Voltando para casa
- Thaís Coli

- 5 de abr. de 2022
- 3 min de leitura
Leia ao som de: Por enquanto - Cássia Eller
Às vezes a gente gostaria de estar num desses filmes da sessão da tarde do tipo “Apenas Amigos” em que você se identifica com o nerd esquisito que muda de cidade, estuda e volta depois de um tempão... lindo e bem sucedido. Só que a vida real te prega uma peça e te encaixa bem nas cenas de um filme de uma nerd, até bonitinha, mas muito caretona e nada descolada que voltou pra cidade do mesmo jeito que saiu, apenas um pouco mais vaidosa, mas nada surpreendente, onde parece que o “final feliz” se perdeu no caminho e não estava com um GPS ou um mapa para ajudar a achar a trilha
de volta para as gravações do filme.
Nasci numa cidade pequena, dessas de novela das seis sabe?! E sempre fui muito sonhadora e tinha esperança e certeza que seria alguém importante e realizaria meus sonhos por mais loucos alguns pudessem ser, no tempo que eu havia imaginado, e eu conseguiria! Era só eu ingressar em uma ótima faculdade, ser uma boa aluna, me formar com louvor e pronto! E de quebra eu ainda conheceria um cara legal com quem eu me casaria logo depois de sair da faculdade.
No começo saiu tudo como planejado… Passei de primeira, saí do ensino médio direto pra faculdade, numa cidade distante e que eu sabia que era grande e diferente, mas não imaginei que seria tanto, e não da forma que foi, e posso dizer até um pouco traumatizante! Conheci uns caras legais, mas nenhum deles se tornou “um certo alguém” como diria Lulu Santos, trabalhei em um lugar muito bom, mas não efetivava, por ser público. E por causa do medo (a cidade estava ficando muito perigosa para meu gosto) e da solidão que eu sentia resolvi me mudar para uma cidade que mesclava as duas: não era tão grande, era possível encontrar conhecidos frequentemente, mas tinha “coisas de cidade grande”: cinema, shopping, fast food, ônibus a toda hora e etc. E aí sim! Senti como se tivesse achado “o meu lugar no mundo”. Estava tudo indo muito bem, obrigada! Maaaas… Chegou a crise: a recessão econômica que causou o aumento do desemprego e obviamente diminuiu as ofertas de emprego, inclusive a minha.

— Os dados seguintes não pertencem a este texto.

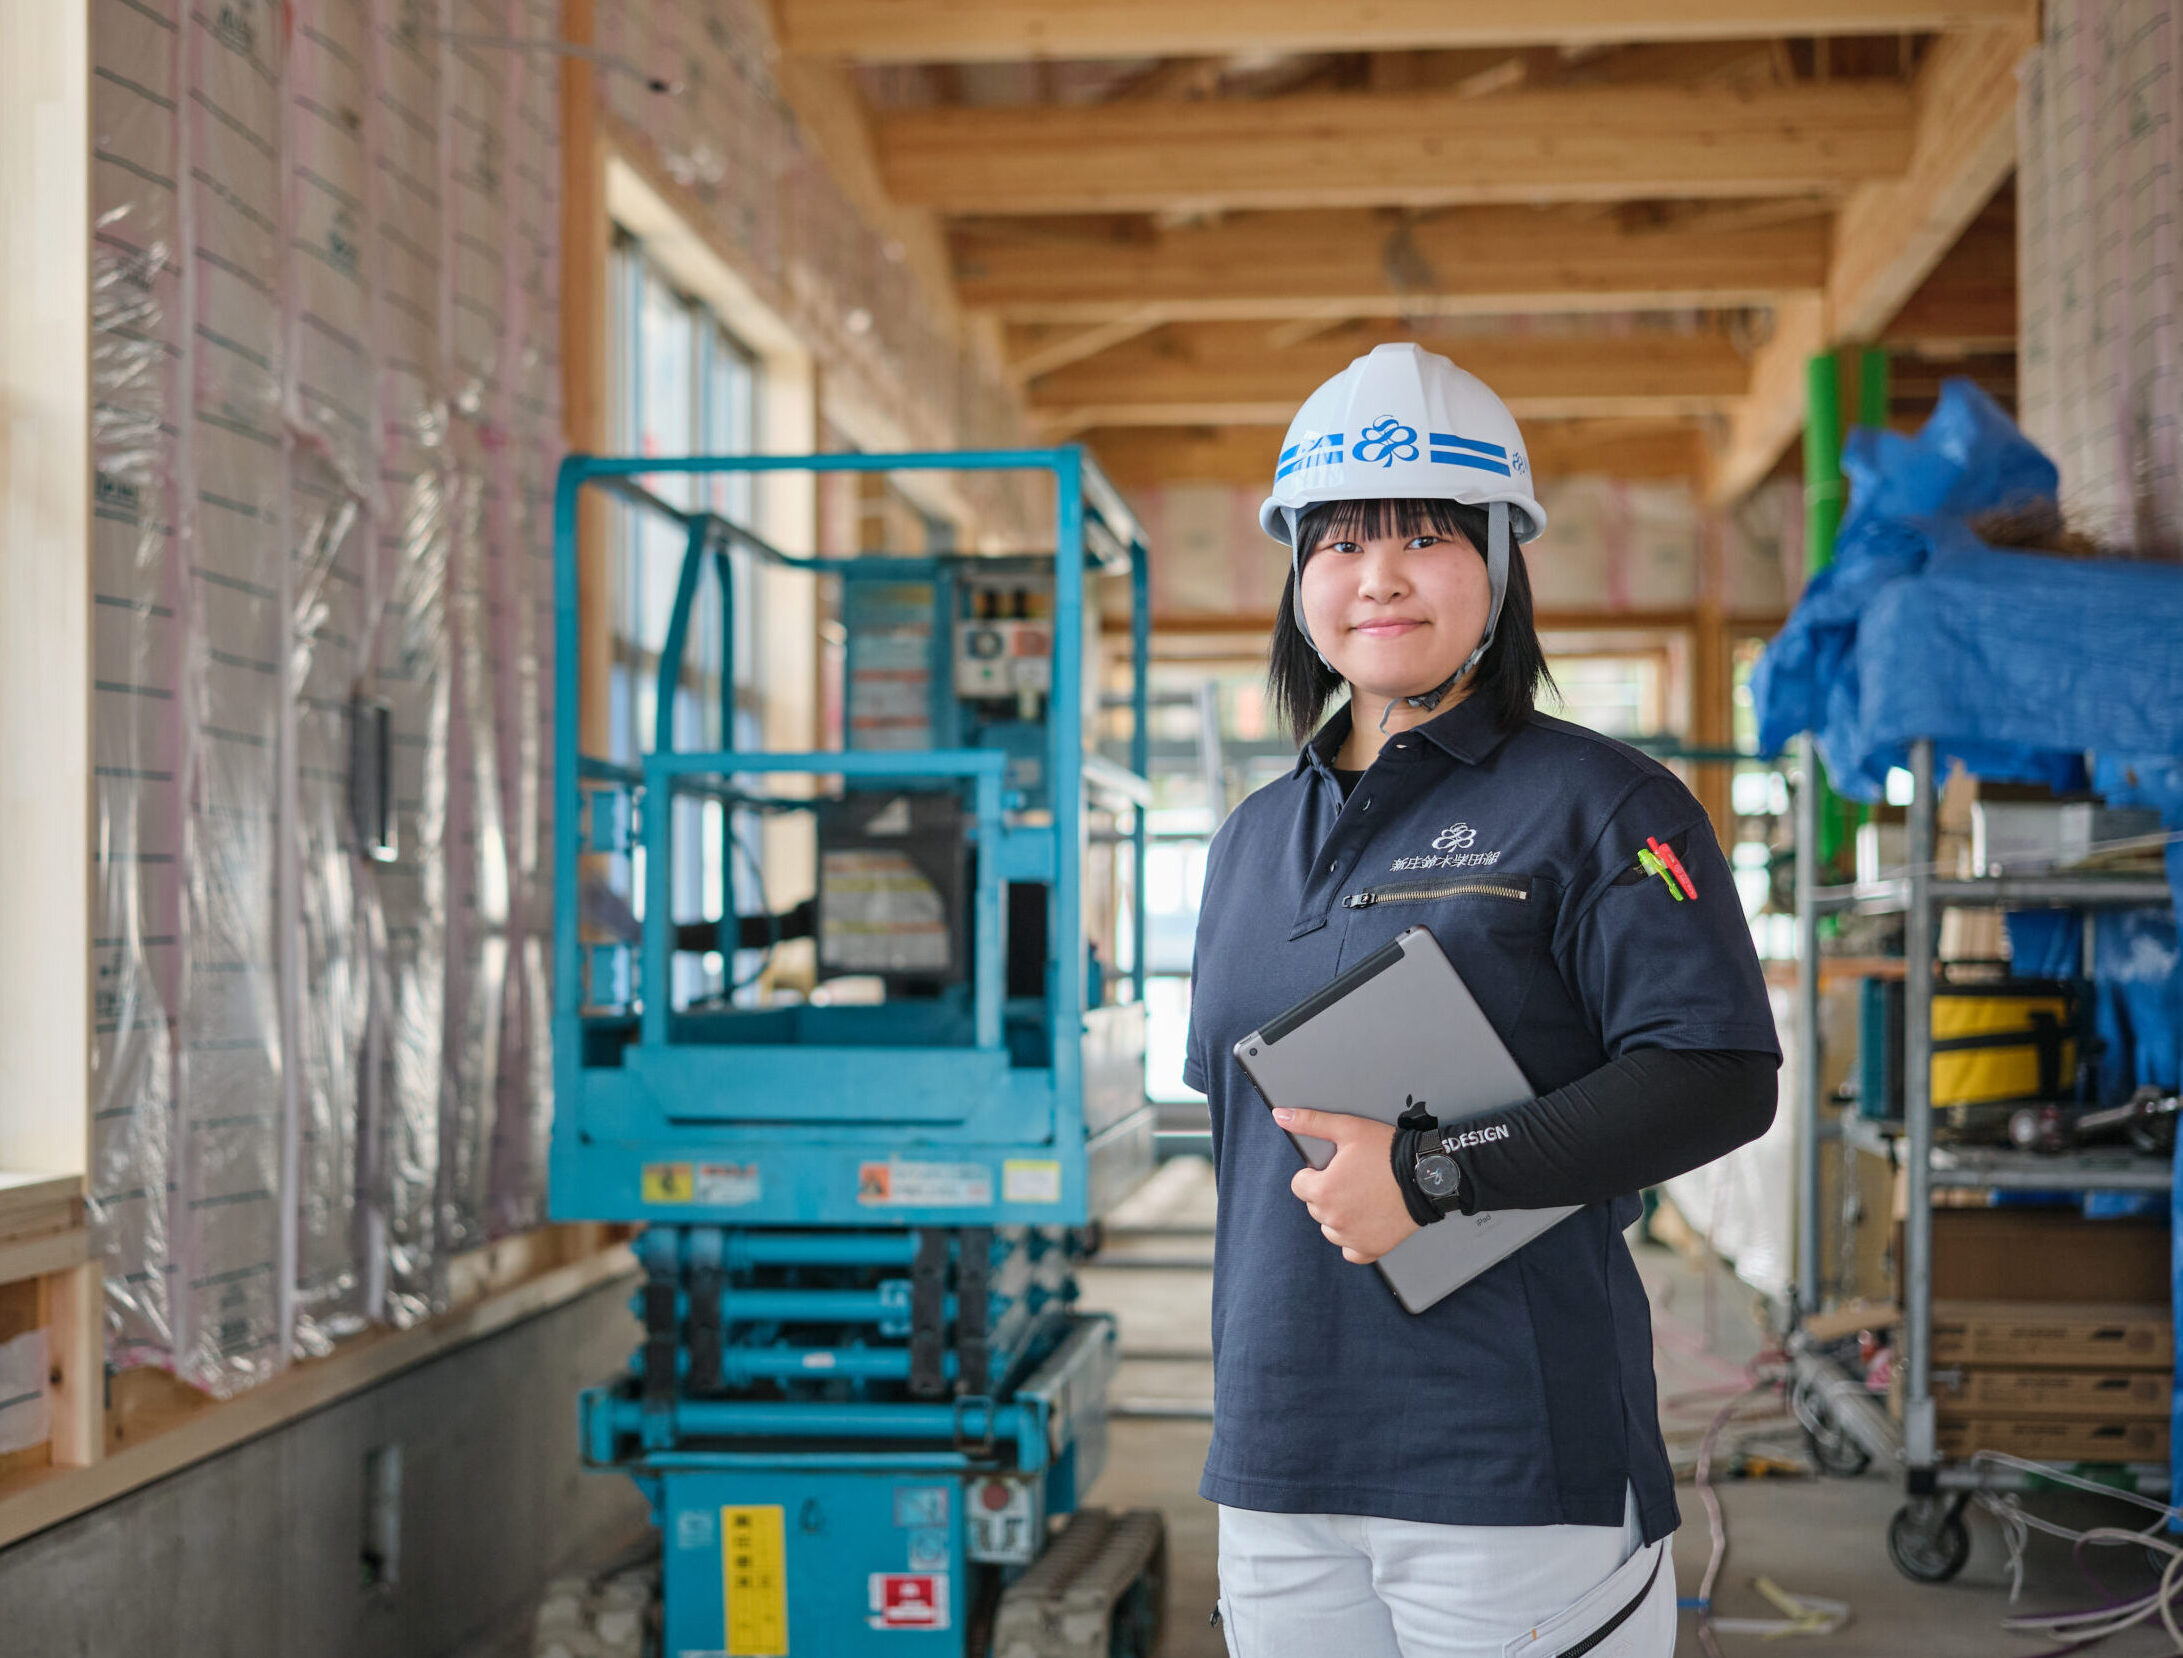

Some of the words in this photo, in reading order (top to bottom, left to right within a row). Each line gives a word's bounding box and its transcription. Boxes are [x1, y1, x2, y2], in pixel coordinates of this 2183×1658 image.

[1389, 851, 1501, 872] 新庄鈴木柴田組
[1475, 1214, 1492, 1227] iPad

Minha única alternativa foi voltar pra casa dos meus pais, e isso não estava mesmo nos meus planos. Não entenda mal, tenho pais ótimos, mas queria independência logo. Não sei quando tudo mudou e saiu dos eixos, só sei que estou agora na minha cidadezinha, deitada na minha cama, escrevendo esse post com uma playlist linda, mas um tanto depressiva.

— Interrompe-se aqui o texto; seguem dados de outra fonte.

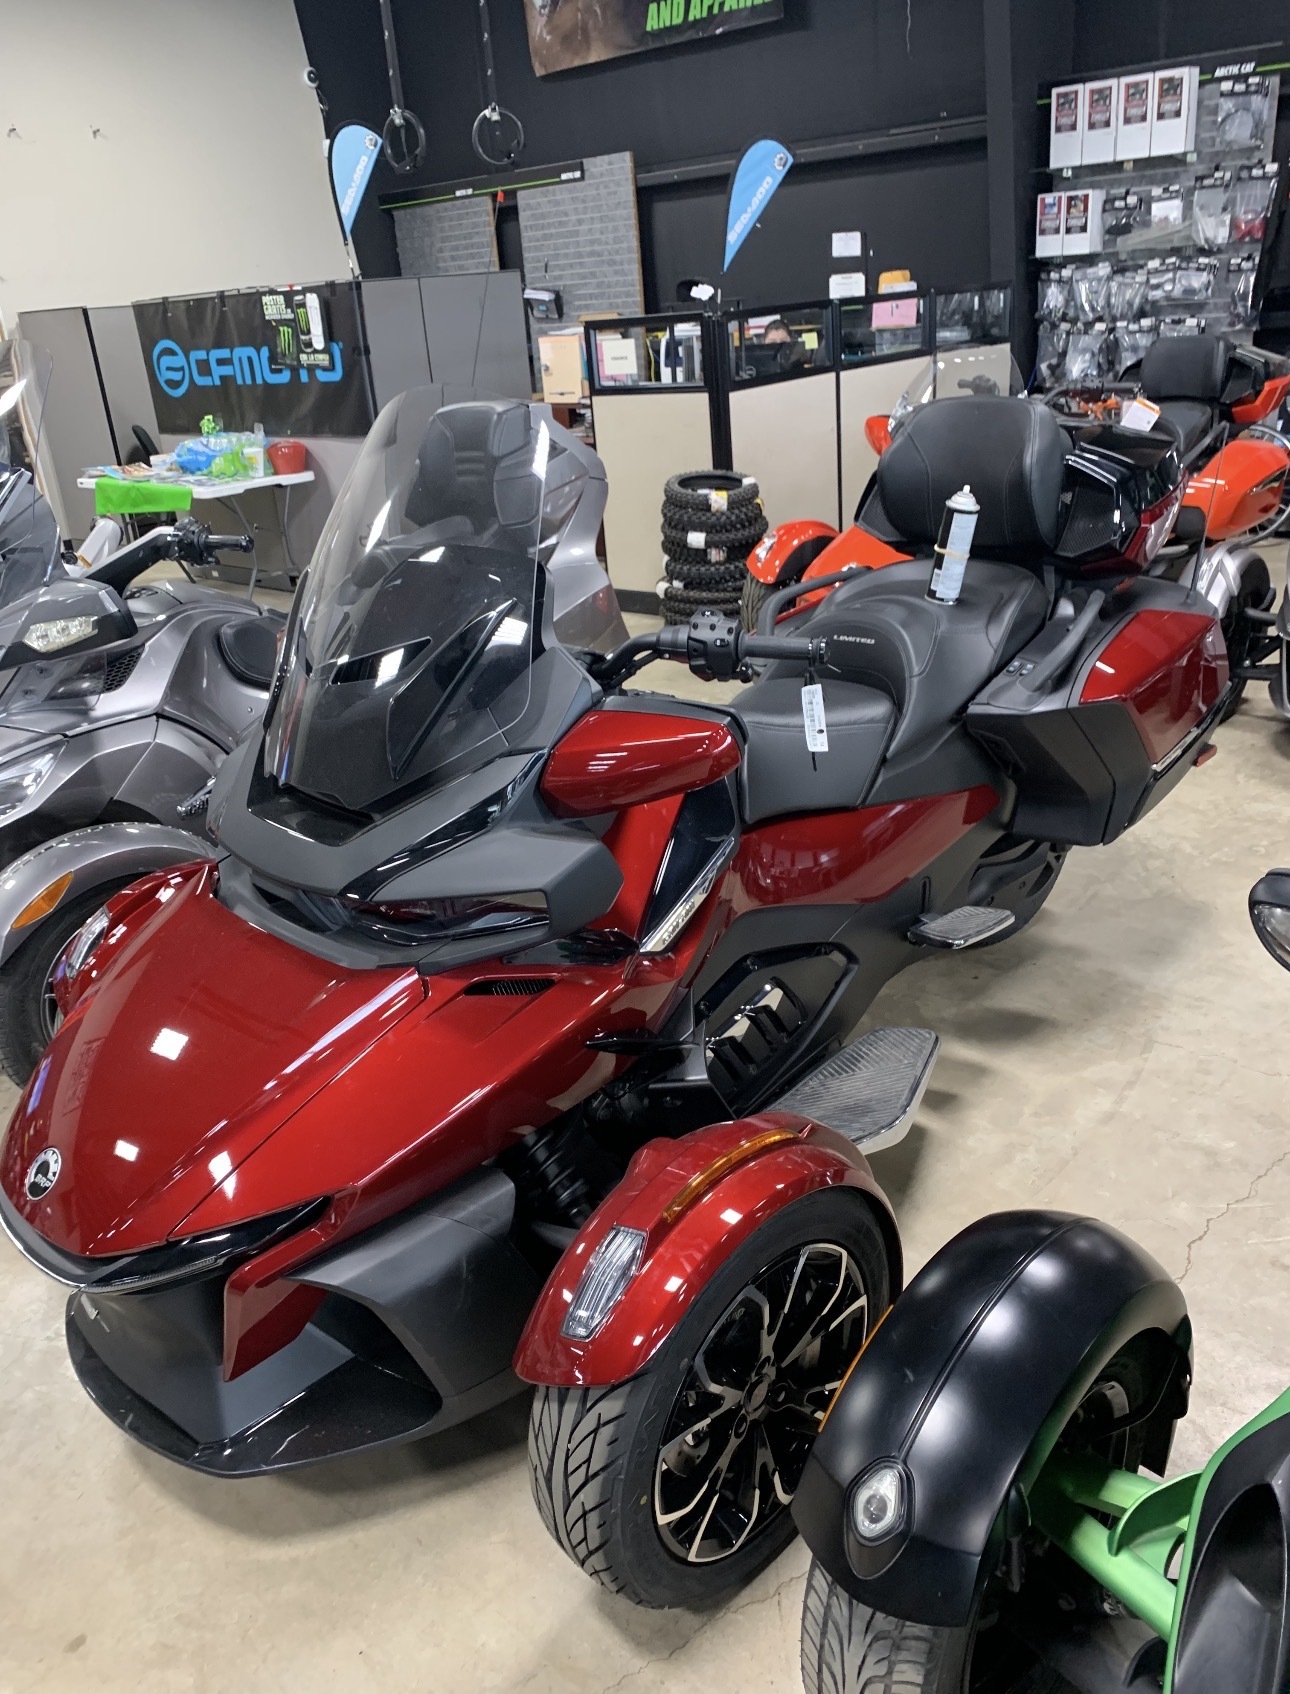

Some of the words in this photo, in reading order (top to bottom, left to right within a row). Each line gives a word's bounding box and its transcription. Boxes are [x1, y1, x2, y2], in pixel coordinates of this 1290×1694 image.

[646, 0, 685, 31] AND
[1214, 64, 1240, 77] ARCTIC
[1241, 61, 1256, 74] CAT
[189, 343, 343, 386] CFMOO
[833, 635, 875, 645] LIMITED
[35, 1173, 52, 1187] BRP

Eu amo minha cidade natal, mas é como se não fosse meu lugar. Na verdade, talvez até seja. Talvez ainda não tenha encontrado algo e alguém que me atraia aqui. Talvez seja eu que não consegui e nem aprendi a lidar com os olhares de algumas pessoas que me acham louca por ter voltado, já que eu estava numa cidade muito boa para “ganhar dinheiro”, sem sequer saber os reais motivos da volta. Eles só esquecem que não vale a pena perder a paz e a saúde por conta de um salário gordo. Talvez eu só tenha que ter um pouco mais de paciência, fé e não perder a esperança que dias melhores virão.
Mas tudo isso, o tempo dirá… Enquanto isso, eu vou calçar meu sapato mais confortável e vou a luta!